As the rainy season begins here, aid workers and disaster prevention teams are closely monitoring water levels in the all-important Zambezi river, the continent's fourth largest.
The authorities have issued a flood alert after being forced to release water from the swollen Kariba Dam on the Zambezi earlier than usual in the rainy season.
The Zambezi River Authority (ZRA) which usually opens the spillway gates of Lake Kariba in the last two weeks of January was forced to open one of the gates on 3 January. It has advised people living downstream to evacuate their homes.

Zambia is in for a mixed season. Dominicano Mulenga, national coordinator of Zambia's Disaster Management and Mitigation Unit, said a plan had been drawn up to help 368,953 people likely to be affected by rain and dry spells. While northwestern and western parts of the country had seen heavy rain, southern, eastern and parts of central Zambia were likely to receive little or no rain, he said.
The water level in the Zambezi was higher than at the same time in 2011, he added. “We have had three seasons of heavy rainfall and the ground is saturated with water, making it more prone to flooding.”

Namibians, currently experiencing a heat wave, are eager for rain, said Guido van Langehove, chief of the Namibia Hydrological Services. Southern African Development Community (SADC) meteorologists have forecast normal to above normal rains for Namibia over the next three months. “It was the same forecast last year and we recorded three times the normal rain,” van Langehove pointed out.
The Caprivi Region, Namibia’s poorest area, is prone to annual flooding.
Japhet Itenge, director of Disaster Risk Management in the Office of the Prime Minister, said they were prepositioning essential commodities and relief tools as part of their contingency plans.
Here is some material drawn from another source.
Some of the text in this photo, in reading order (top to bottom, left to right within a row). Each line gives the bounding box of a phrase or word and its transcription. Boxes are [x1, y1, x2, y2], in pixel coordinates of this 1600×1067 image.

Lesotho has not received adequate rainfall in the past few months, a spokesman for the country’s meteorological services told IRIN. “SADC has forecast heavy rains for Lesotho in the coming weeks. We are worried it can cause early frost and destroy crops that have already been planted,” he said.
Lesotho and Namibia have food insecurity levels greater than their five-year averages due to the severe flooding experienced during the last growing season, according to FEWSNET.

The Mozambican authorities have begun to release water from the Cahora Bassa Dam on the Zambezi. People living mainly along the lower Zambezi basin and in Buzi, Save, and Pungue basins, including Beira city, are on alert.
Sofala Province in central Mozambique is currently distributing items such as bicycles, stretchers, masks, gloves, megaphones and boats, according to the Mozambique Red Cross; and members of seven local disaster risk management committees established in Beira City are cleaning the drainage system.
The National Institute of Disaster Management (INGC) is monitoring the rivers Montepuez, Licungo, Mutamba, Pungué, Buzi, Save, and Maputo, said FEWSNET. In the Zambezi and Limpopo river basins, FEWSNET warned of a near-average-to-high probability of flooding.
João Bobotela, CARE’s emergency response coordinator in Mozambique, said INGC and local authorities had been running flood simulation exercises since November 2011 to prepare communities for sudden evacuations.
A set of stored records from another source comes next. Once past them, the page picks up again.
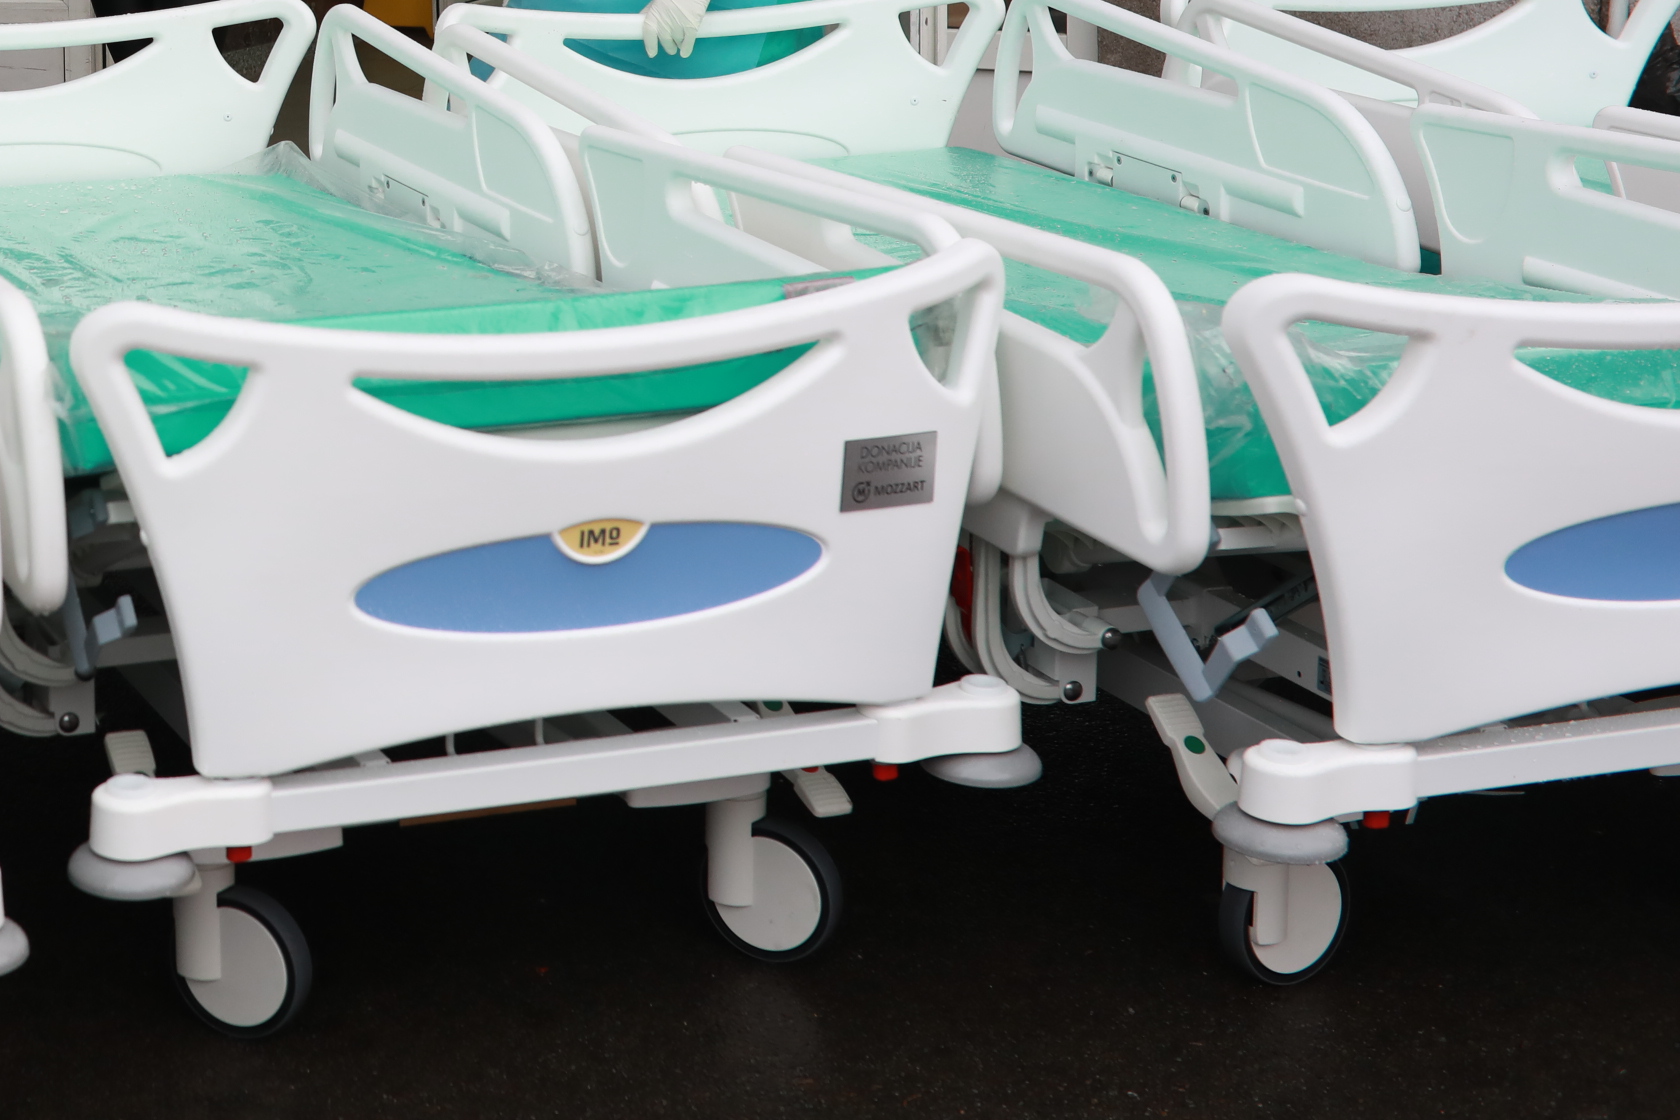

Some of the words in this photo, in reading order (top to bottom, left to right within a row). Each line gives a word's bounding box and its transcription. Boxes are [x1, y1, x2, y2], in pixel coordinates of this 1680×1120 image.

[860, 441, 923, 459] DONACIJA
[857, 455, 924, 474] KOMPANIJE
[873, 480, 926, 496] MOZZART
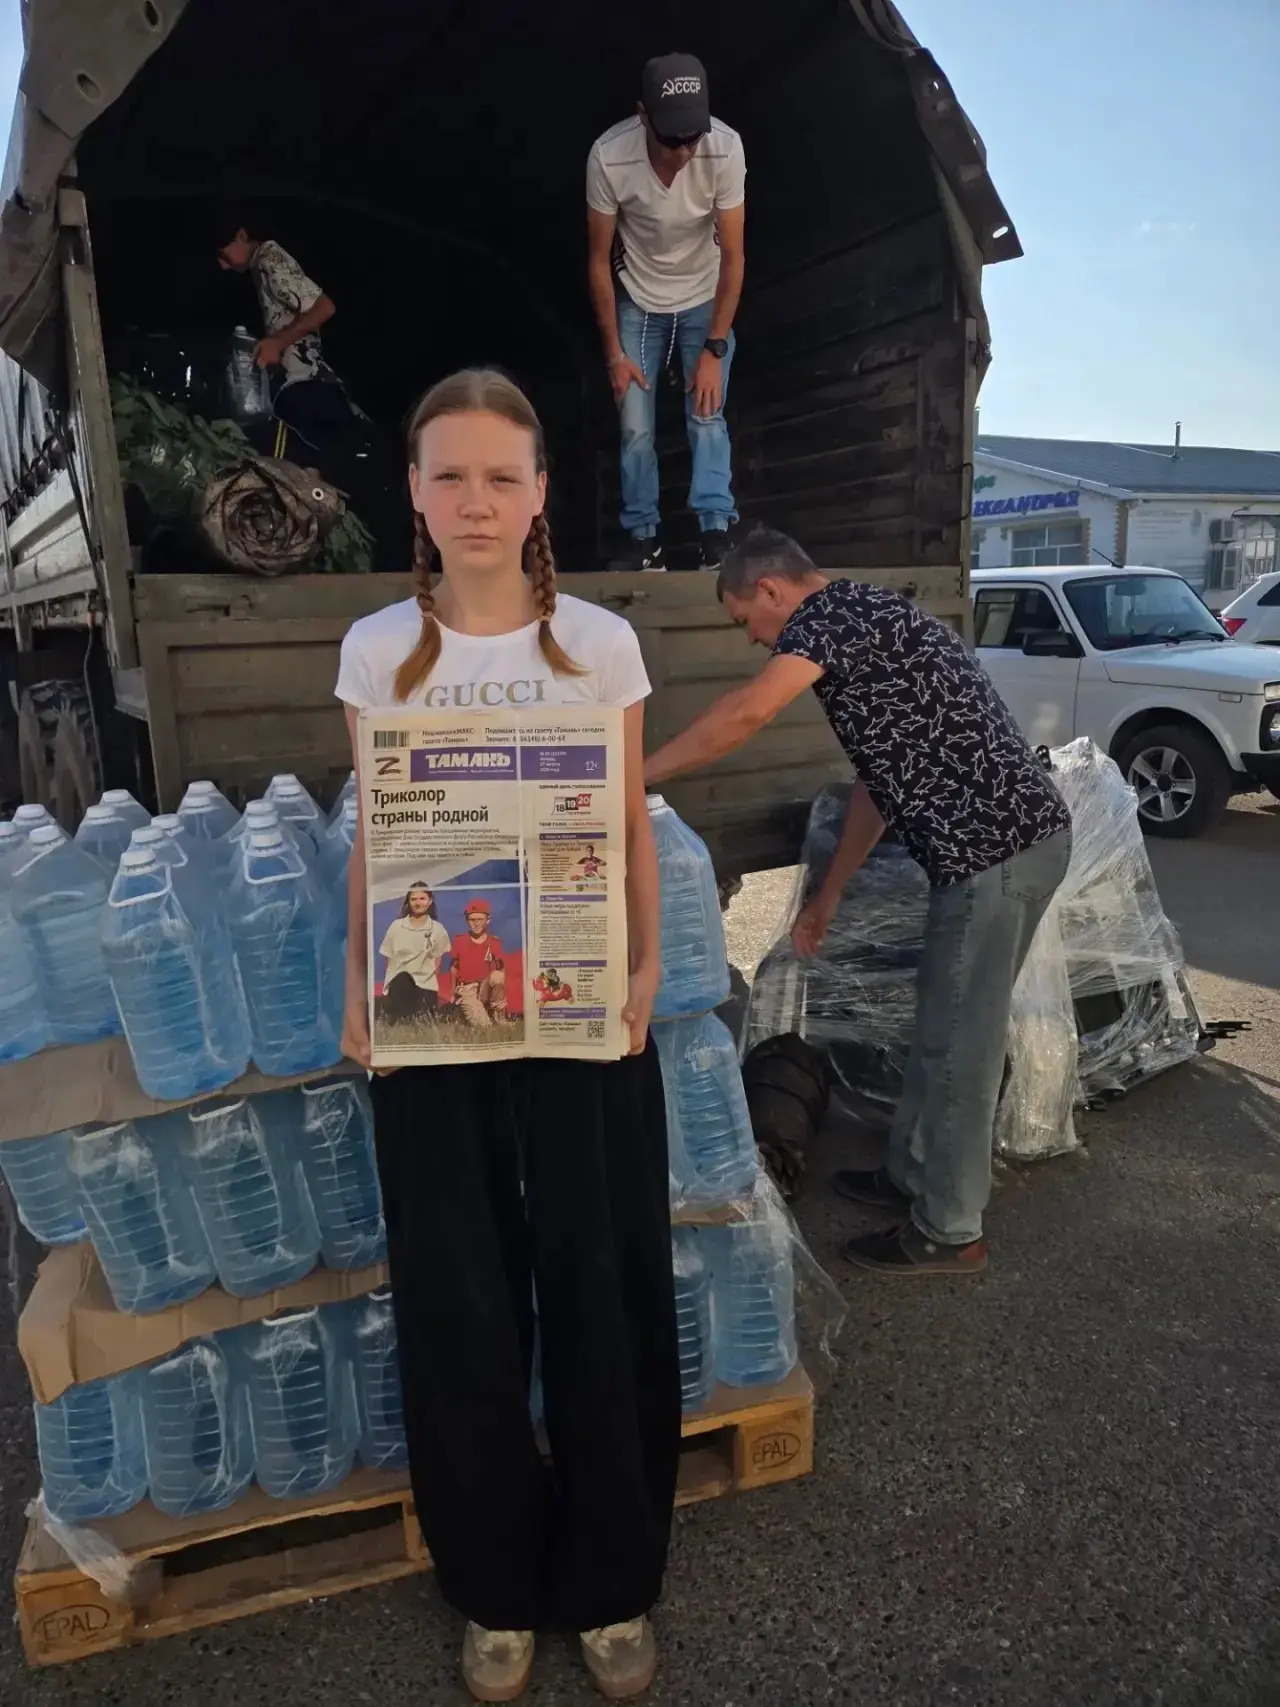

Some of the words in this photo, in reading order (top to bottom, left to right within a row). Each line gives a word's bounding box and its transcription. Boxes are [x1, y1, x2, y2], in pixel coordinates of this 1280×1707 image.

[675, 81, 701, 95] СССР
[424, 679, 546, 708] GUCCI
[485, 727, 525, 735] Подпишитсь
[425, 752, 511, 769] ТАМАНЬ
[370, 788, 446, 809] Триколор
[555, 804, 565, 812] 18
[567, 800, 576, 808] 19
[578, 796, 590, 805] 20
[371, 809, 427, 828] страны
[432, 805, 489, 826] родной
[42, 1611, 100, 1642] EPAL
Arid Botswana has not received good rains in the past few months. “We are expecting average rains which might help crops,” said a spokesman for the Botswana Meteorological Services.

More rains have been forecast for southern Malawi, where land adjacent to the River Shire, one of the most food-insecure parts of the country, is prone to flooding. Parts of the region, which has seen an outbreak of foot and mouth disease and a hike in food prices, are in crisis mode, warned FEWSNET.

South Africa
Much-needed rain has fallen in South Africa’s major maize-producing northern Free State area in the past few weeks. The government and USAID’s Famine Early Warning Systems Network (FEWSNET) say the country has adequate supplies, but global maize stocks are low, putting considerable upward price pressure on South African white maize.